In a report published today by Reform, Professor Paul Corrigan, who was a health special advisor to Tony Blair, argues that “the old model and concept of the hospital are failing”, leading to poor standards of care in far too many bankrupt institutions. “Hospitals will have to change or disappear completely” to “provide better, safer healthcare”.

The government face two equally potent political nightmares if it sticks to its current course: either 40 hospitals could close or the government will have to foot a £5 billion bail-out by 2013. “Approximately 20 to 30 acute hospital trusts will never become Foundation Trusts” because they will not pass the financial tests, writes Professor Corrigan. “It is also conceivable that about 10 hospitals that have made that status will struggle to maintain that position over time. This means that in the next four years a minimum of 40 hospitals will have to go through a fairly radical transformation process because their current clinical and economic model is not sustainable.”

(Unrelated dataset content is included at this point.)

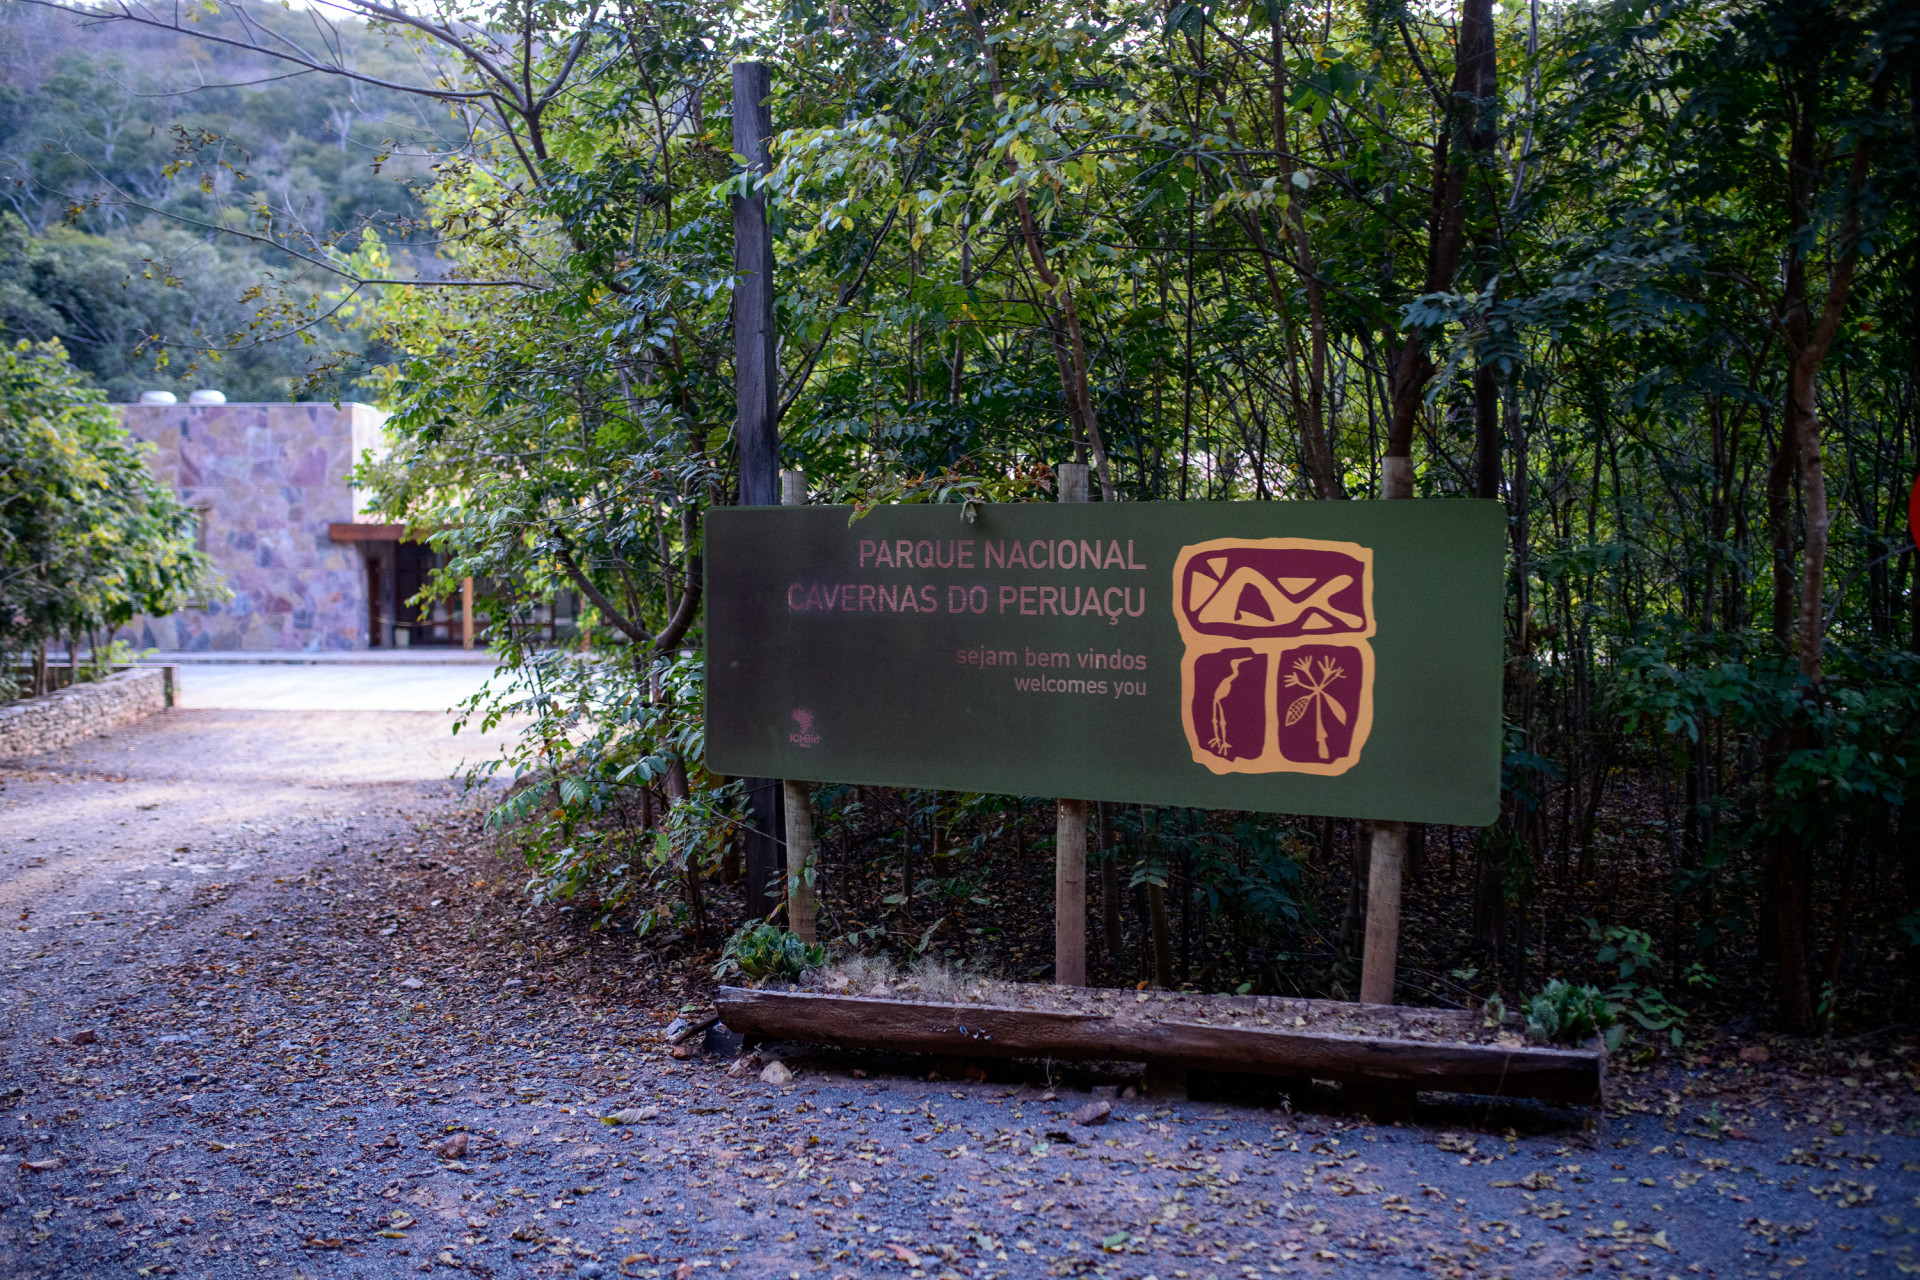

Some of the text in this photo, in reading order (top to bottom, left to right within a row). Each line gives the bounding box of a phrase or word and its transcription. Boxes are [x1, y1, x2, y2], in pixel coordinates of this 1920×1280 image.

[859, 539, 1148, 570] PARQUE NACIONAL
[788, 582, 1146, 626] CAVERNAS DO PERUAÇU
[956, 644, 1147, 670] sejam bem vindos
[1014, 674, 1147, 700] welcomes you

Currently, hospital closure is averted by granting interim financial support from reserves held by the Department of Health, what Professor Corrigan calls an “inefficient hospital fund”. But if the government wants to continue to protect all of England’s hospitals from closure or major remodelling, then this slush fund of around £3 billion would have to grow to as much as £8 billion. This would in turn mean that the chancellor would have to find an extra £5 billion to bailout the NHS by 2013, almost certainly causing him to miss his budget targets.

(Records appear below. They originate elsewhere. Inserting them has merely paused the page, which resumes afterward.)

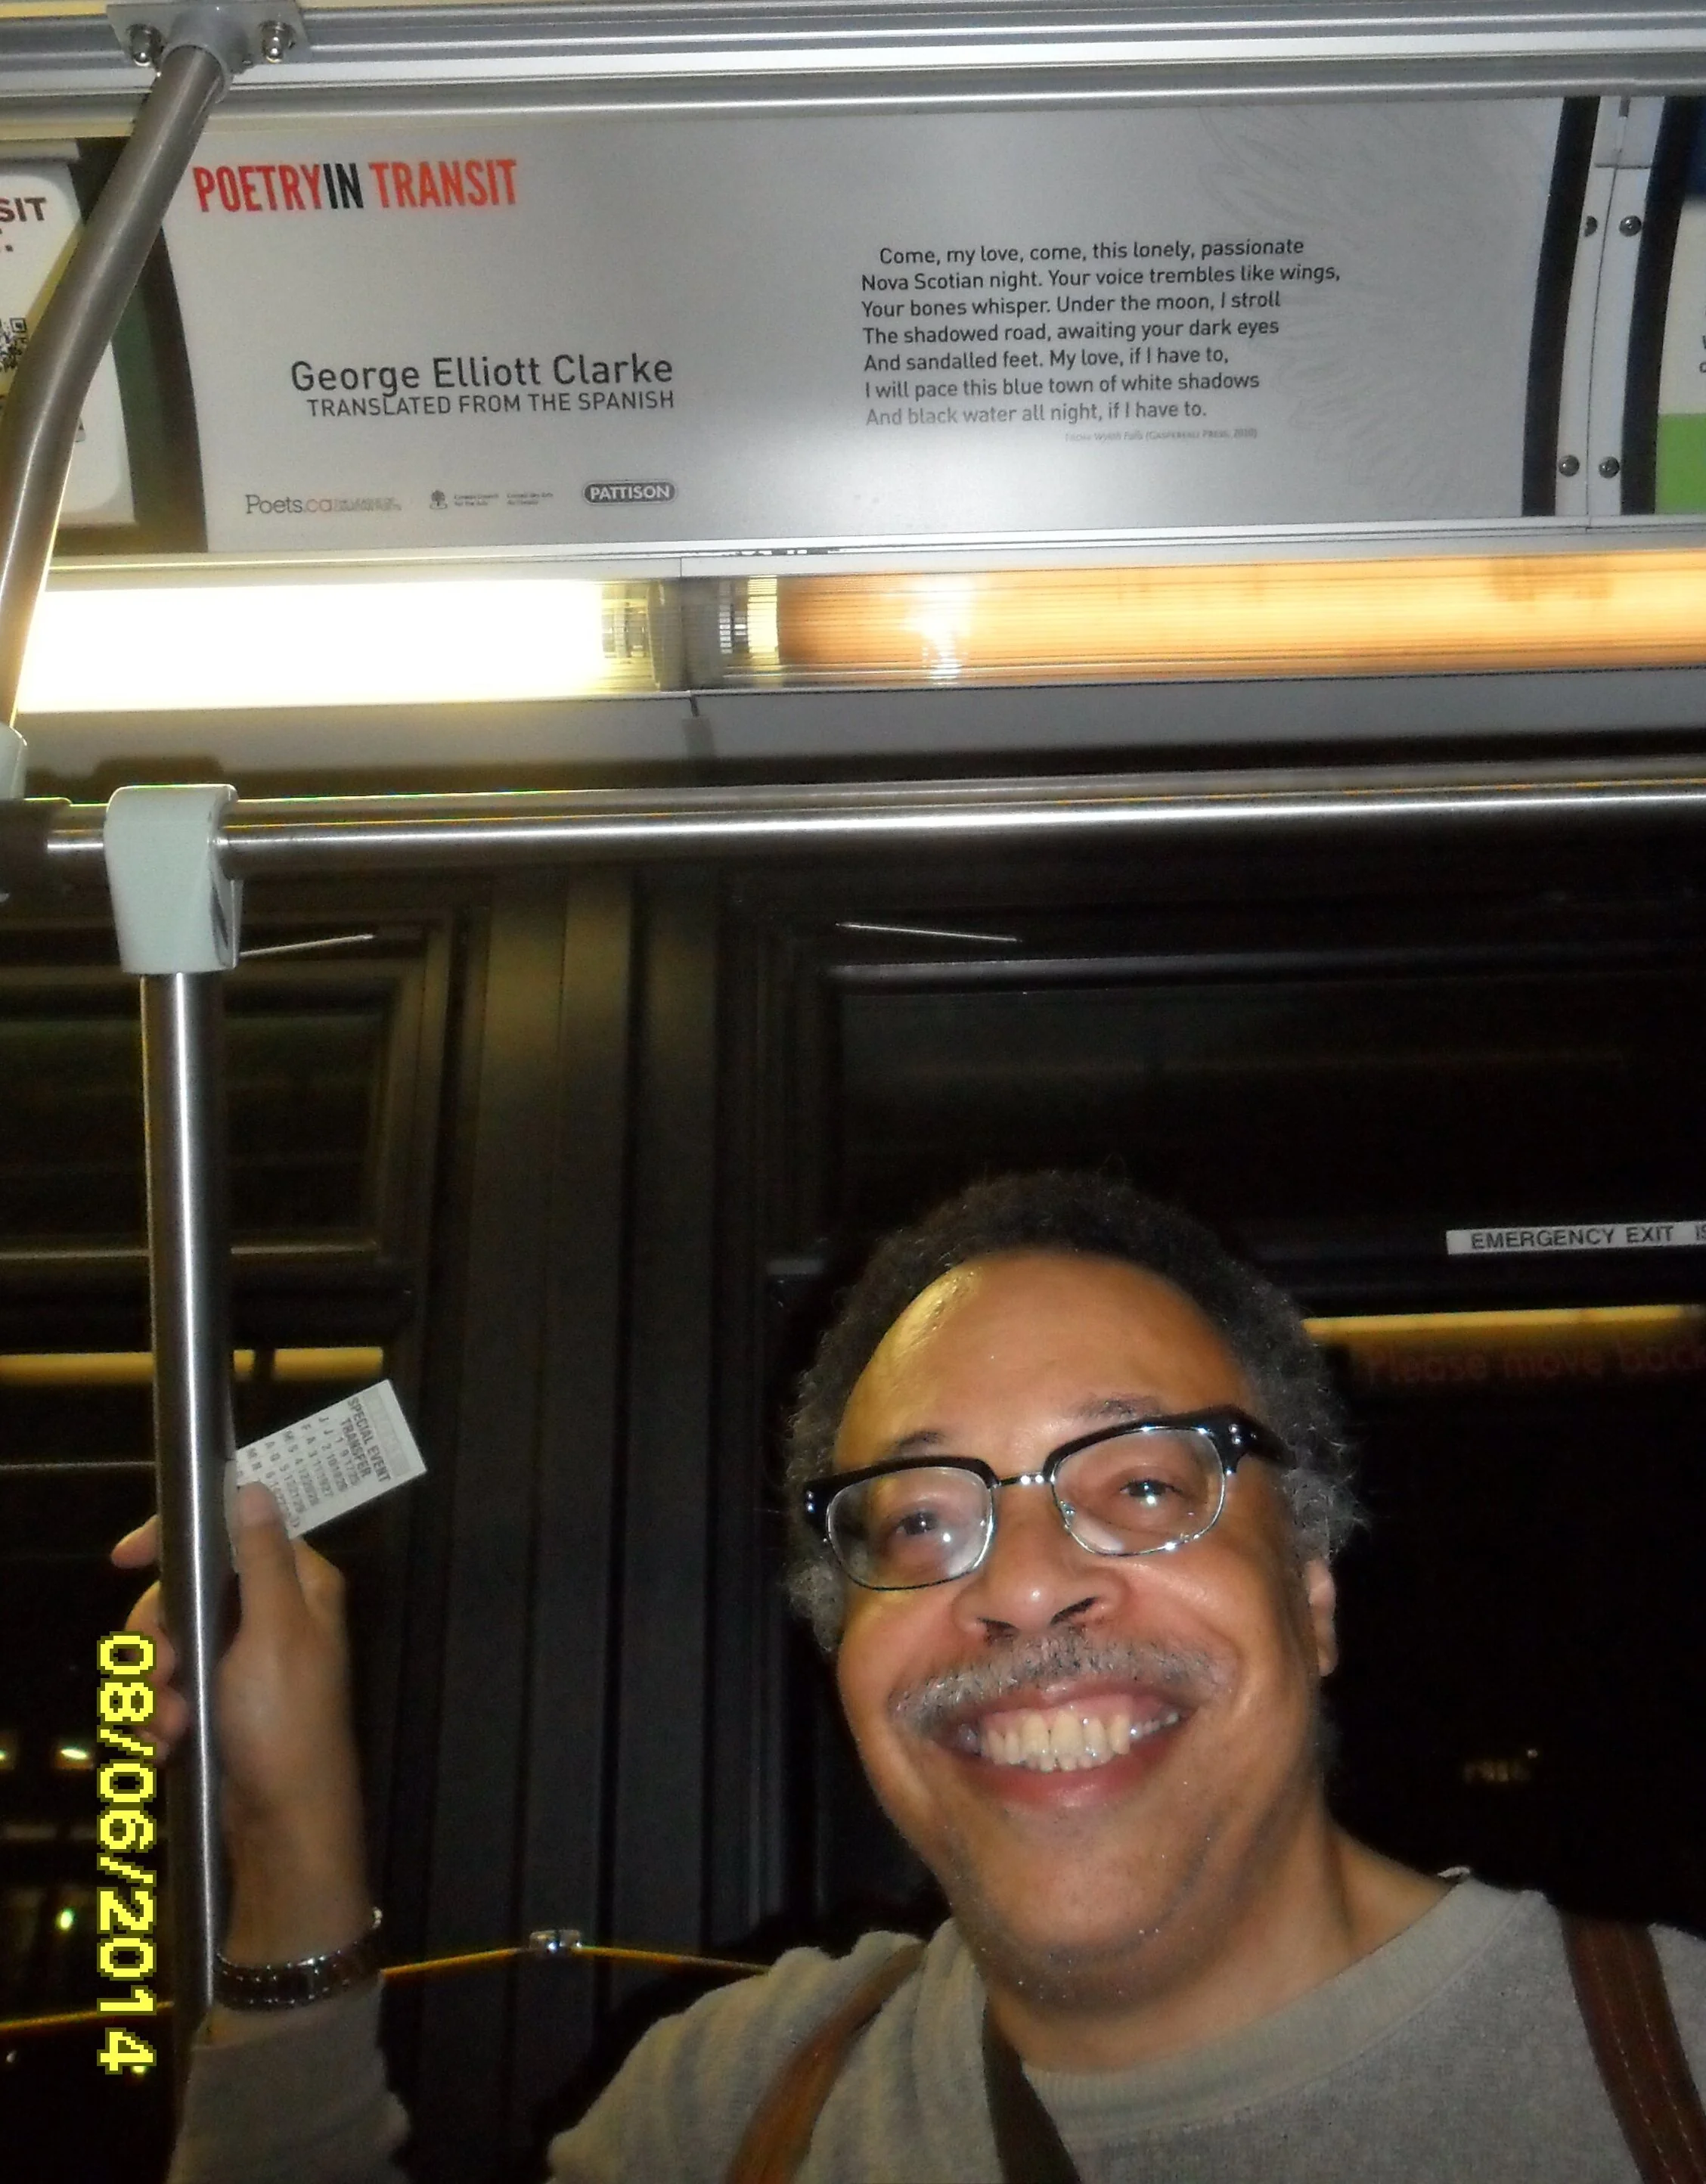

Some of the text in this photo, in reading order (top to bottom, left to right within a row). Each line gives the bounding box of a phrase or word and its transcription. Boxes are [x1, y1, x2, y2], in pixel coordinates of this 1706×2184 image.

[368, 158, 517, 209] TRANSIT
[879, 238, 1304, 266] Come, my love, come, this lonely, passionate
[861, 264, 1340, 292] Nova Scotian night. Your voice trembles like wings,
[861, 290, 1280, 318] Your bones whisper. Under the moon, I stroll
[862, 318, 1280, 344] The shadowed road, awaiting your dark eyes
[864, 346, 1229, 371] And sandalled feet. My love, if I have to,
[291, 352, 673, 397] George Elliott Clarke
[864, 372, 1260, 402] I will pace this blue town of white shadows
[307, 390, 675, 417] TRANSLATED FROM THE SPANISH
[866, 401, 1206, 426] And black water all night, if I have to.
[244, 494, 333, 514] Poets.ca
[590, 484, 670, 501] PATTISON
[1471, 1227, 1615, 1250] EMERGENCY
[1625, 1225, 1673, 1244] EXIT
[339, 1416, 373, 1478] TRANSFER
[346, 1396, 375, 1444] SPECIAL
[367, 1444, 391, 1484] EVENT

“As a proportion of the overall NHS budget, this does not seem to be unmanageable but for other Government departments, this is a significant amount of money”, says Professor Corrigan. “It is difficult to see any Chancellor simply giving the NHS that quantum of money to spend on inefficiency.”

The government’s pledge to protect hospitals will make it harder for the NHS to deliver savings and improve quality. What’s needed is a narrative of change based upon the best experience from around the world. There’s “a dire need for new business models and the disruptive innovation that creates them”. Using case studies, Corrigan shows how these models improve the quality of care, drive efficiency and are affordable. He looks at how to apply these models to the NHS.

“NHS hospitals currently try to be all things to all people and deliver every healthcare service to everyone”, the authors write. Instead, hospitals should organise treatment in high volume specialist centres to deliver safer, higher quality care. To achieve scale we will need to close down under-performing units so that activity can be concentrated in centres of excellence. By applying the lessons from assembly lines, aviation and service industries, managers can introduce a “factory” mode of production offering streamlined “valued added processes” for patients.

Nick Seddon is deputy director of the independent think-tank Reform.